*EXERCISE DESCRIPTION*:
Give the records below again in full, exactly as written, but without any images.

[Dataset entries]
+++

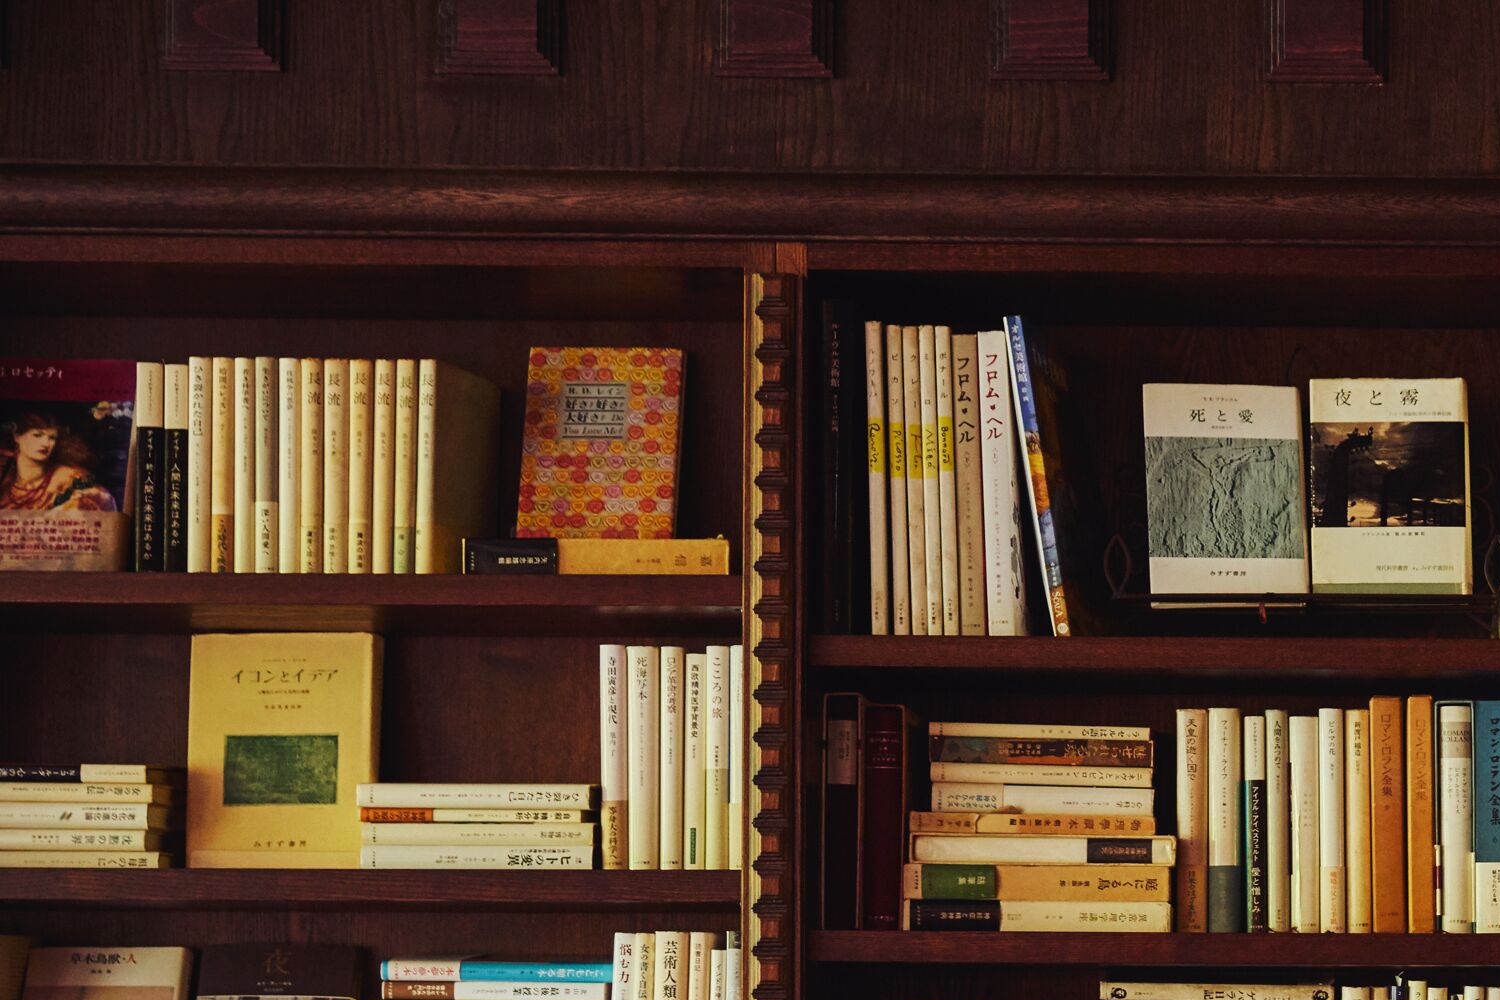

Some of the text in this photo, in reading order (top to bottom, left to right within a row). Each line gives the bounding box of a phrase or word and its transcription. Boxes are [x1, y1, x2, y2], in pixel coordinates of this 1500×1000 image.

[985, 354, 1003, 441] フロム・ヘル
[1334, 388, 1420, 408] 夜と霧
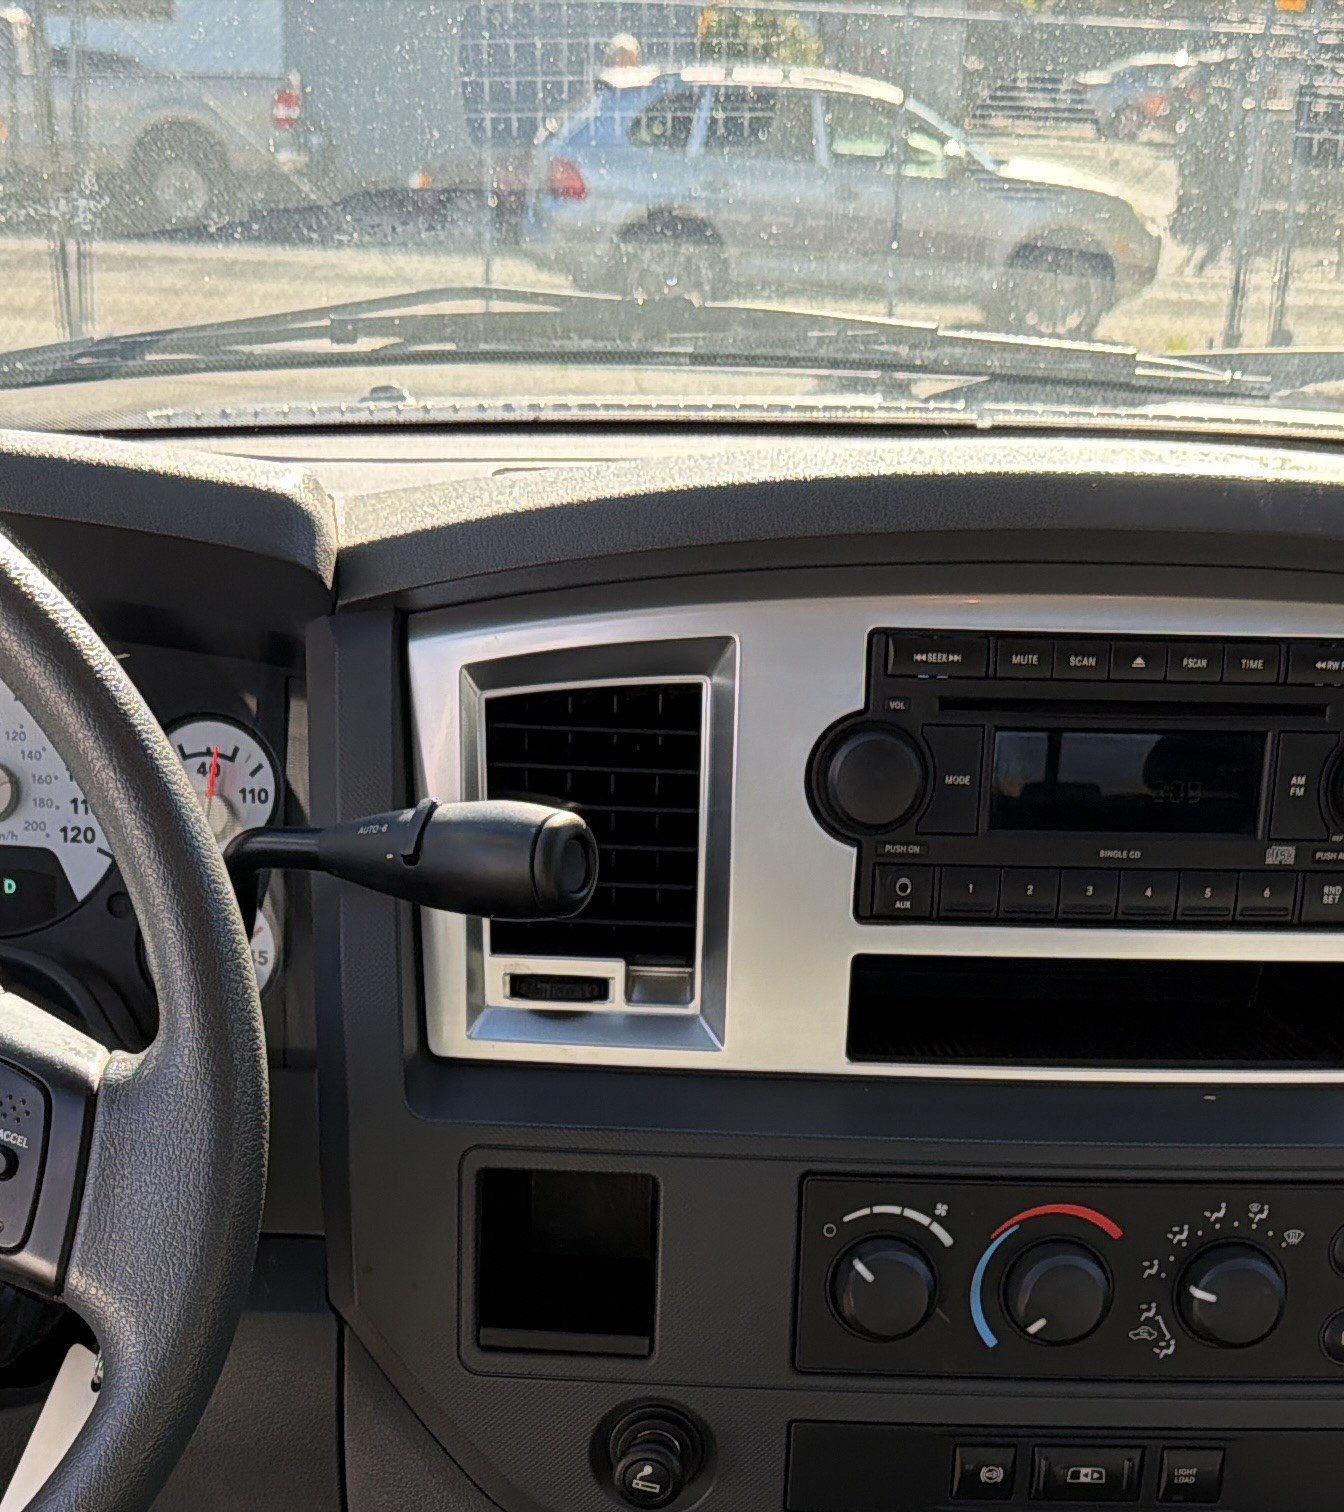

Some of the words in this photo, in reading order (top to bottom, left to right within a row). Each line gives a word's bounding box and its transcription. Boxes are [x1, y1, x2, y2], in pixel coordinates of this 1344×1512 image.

[927, 653, 948, 663] SEEK
[1012, 654, 1038, 665] MUTE
[1070, 656, 1096, 667] SCAN
[1241, 658, 1264, 670] TIME
[889, 701, 905, 710] VOL
[5, 730, 27, 742] 120
[21, 749, 43, 761] 140
[31, 773, 53, 786] 160
[945, 775, 970, 785] MODE
[1290, 776, 1306, 786] AM
[239, 787, 269, 804] 110
[1290, 787, 1305, 797] FM
[32, 797, 54, 810] 180
[70, 797, 89, 815] 11
[24, 820, 47, 833] 200
[59, 826, 96, 844] 120
[885, 845, 906, 854] PUSH
[1315, 851, 1337, 861] PUSH
[4, 879, 16, 894] D
[1027, 885, 1034, 895] 2
[1086, 885, 1093, 895] 3
[1145, 887, 1152, 897] 4
[895, 901, 911, 909] AUX
[1174, 1467, 1198, 1476] LIGHT
[1174, 1476, 1196, 1484] LOAD

+++

*EXERCISE RESULT*:
Some of the text in this photo, in reading order (top to bottom, left to right within a row). Each line gives the bounding box of a phrase or word and its transcription. Boxes are [x1, y1, x2, y2], in pixel coordinates of this 1500×1000 image.

[985, 354, 1003, 441] フロム・ヘル
[1334, 388, 1420, 408] 夜と霧

Some of the words in this photo, in reading order (top to bottom, left to right within a row). Each line gives a word's bounding box and its transcription. Boxes are [x1, y1, x2, y2], in pixel coordinates of this 1344×1512 image.

[927, 653, 948, 663] SEEK
[1012, 654, 1038, 665] MUTE
[1070, 656, 1096, 667] SCAN
[1241, 658, 1264, 670] TIME
[889, 701, 905, 710] VOL
[5, 730, 27, 742] 120
[21, 749, 43, 761] 140
[31, 773, 53, 786] 160
[945, 775, 970, 785] MODE
[1290, 776, 1306, 786] AM
[239, 787, 269, 804] 110
[1290, 787, 1305, 797] FM
[32, 797, 54, 810] 180
[70, 797, 89, 815] 11
[24, 820, 47, 833] 200
[59, 826, 96, 844] 120
[885, 845, 906, 854] PUSH
[1315, 851, 1337, 861] PUSH
[4, 879, 16, 894] D
[1027, 885, 1034, 895] 2
[1086, 885, 1093, 895] 3
[1145, 887, 1152, 897] 4
[895, 901, 911, 909] AUX
[1174, 1467, 1198, 1476] LIGHT
[1174, 1476, 1196, 1484] LOAD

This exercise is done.